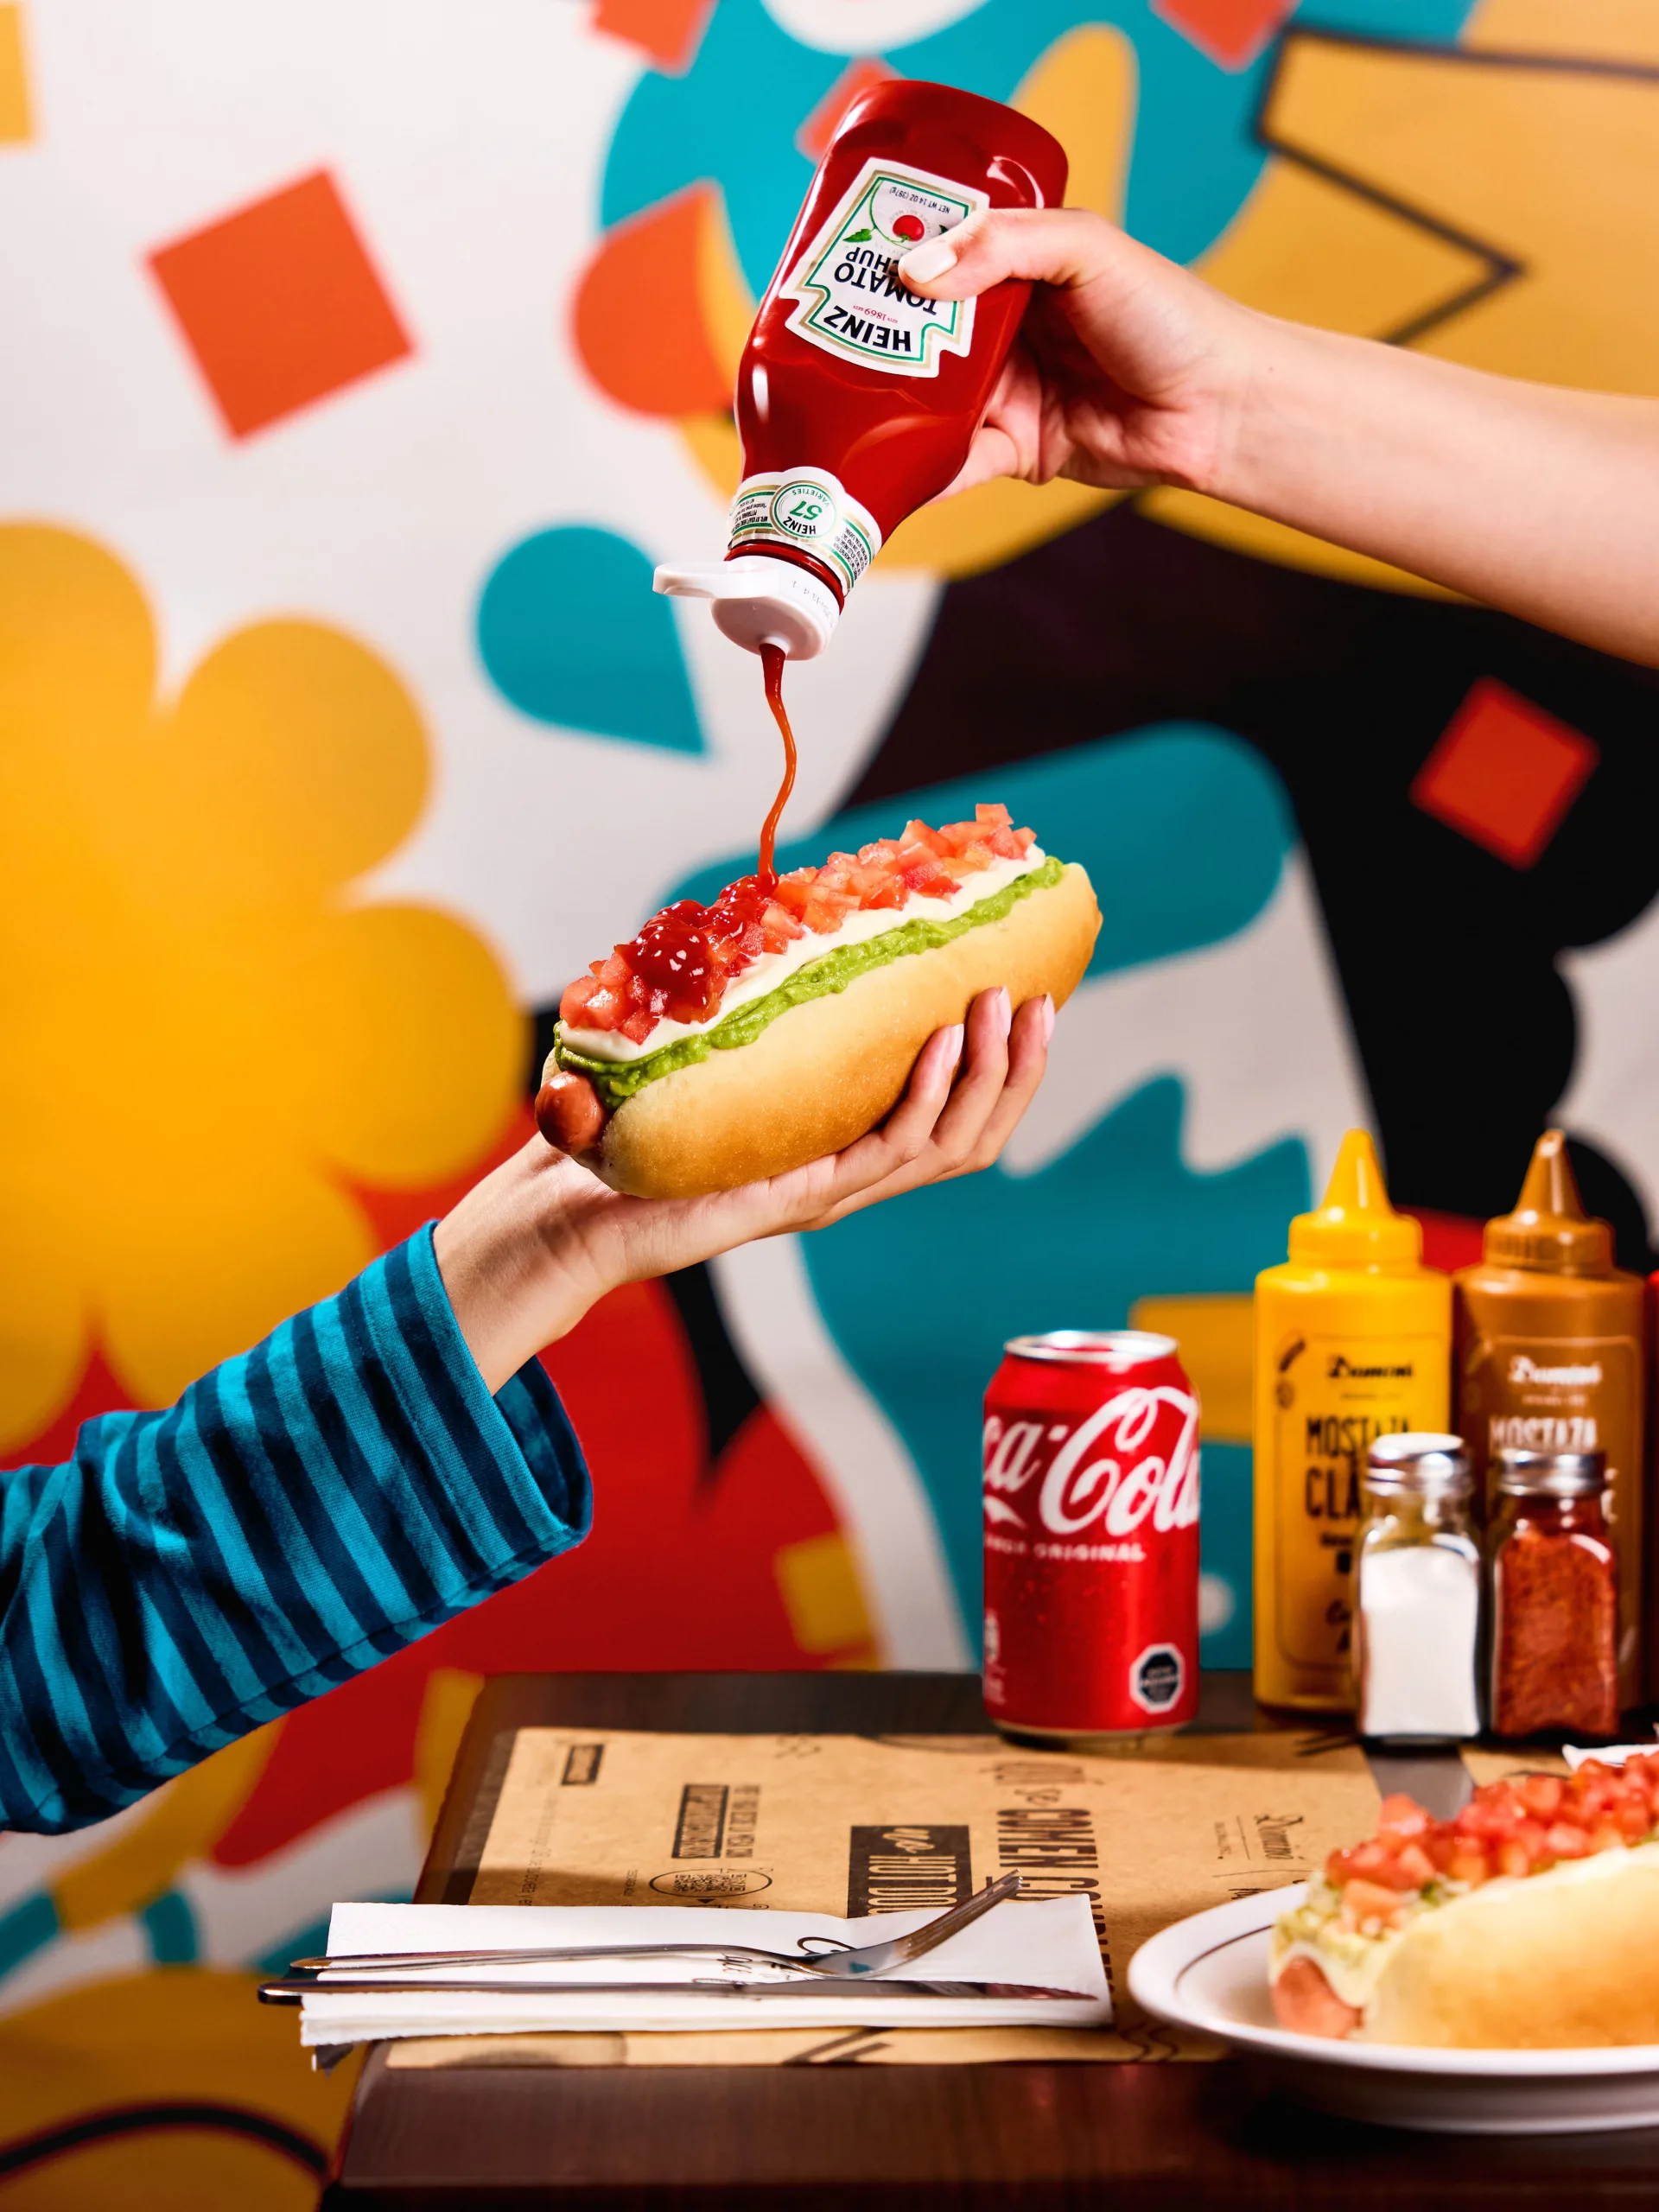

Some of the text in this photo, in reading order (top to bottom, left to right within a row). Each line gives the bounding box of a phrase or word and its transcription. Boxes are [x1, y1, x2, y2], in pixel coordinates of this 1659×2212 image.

[908, 194, 918, 202] OZ
[927, 200, 938, 209] WT
[937, 202, 950, 214] NET
[845, 246, 899, 277] CHUP
[834, 263, 938, 315] TOMATO
[864, 307, 887, 321] 1869
[823, 305, 912, 353] HEINZ
[792, 488, 830, 508] VARIETIES
[790, 500, 823, 521] 57
[783, 516, 817, 535] HEINZ
[983, 1385, 1201, 1536] ca-Cola
[1033, 1543, 1147, 1562] ORIGINAL
[882, 1827, 936, 1853] no
[997, 1808, 1099, 1868] COMEN
[868, 1855, 957, 1882] HOT

- **Action item**
Pictures stay out; the records above are otherwise reproduced exactly.

- **Answer space**
Some of the text in this photo, in reading order (top to bottom, left to right within a row). Each line gives the bounding box of a phrase or word and its transcription. Boxes are [x1, y1, x2, y2], in pixel coordinates of this 1659×2212 image.

[908, 194, 918, 202] OZ
[927, 200, 938, 209] WT
[937, 202, 950, 214] NET
[845, 246, 899, 277] CHUP
[834, 263, 938, 315] TOMATO
[864, 307, 887, 321] 1869
[823, 305, 912, 353] HEINZ
[792, 488, 830, 508] VARIETIES
[790, 500, 823, 521] 57
[783, 516, 817, 535] HEINZ
[983, 1385, 1201, 1536] ca-Cola
[1033, 1543, 1147, 1562] ORIGINAL
[882, 1827, 936, 1853] no
[997, 1808, 1099, 1868] COMEN
[868, 1855, 957, 1882] HOT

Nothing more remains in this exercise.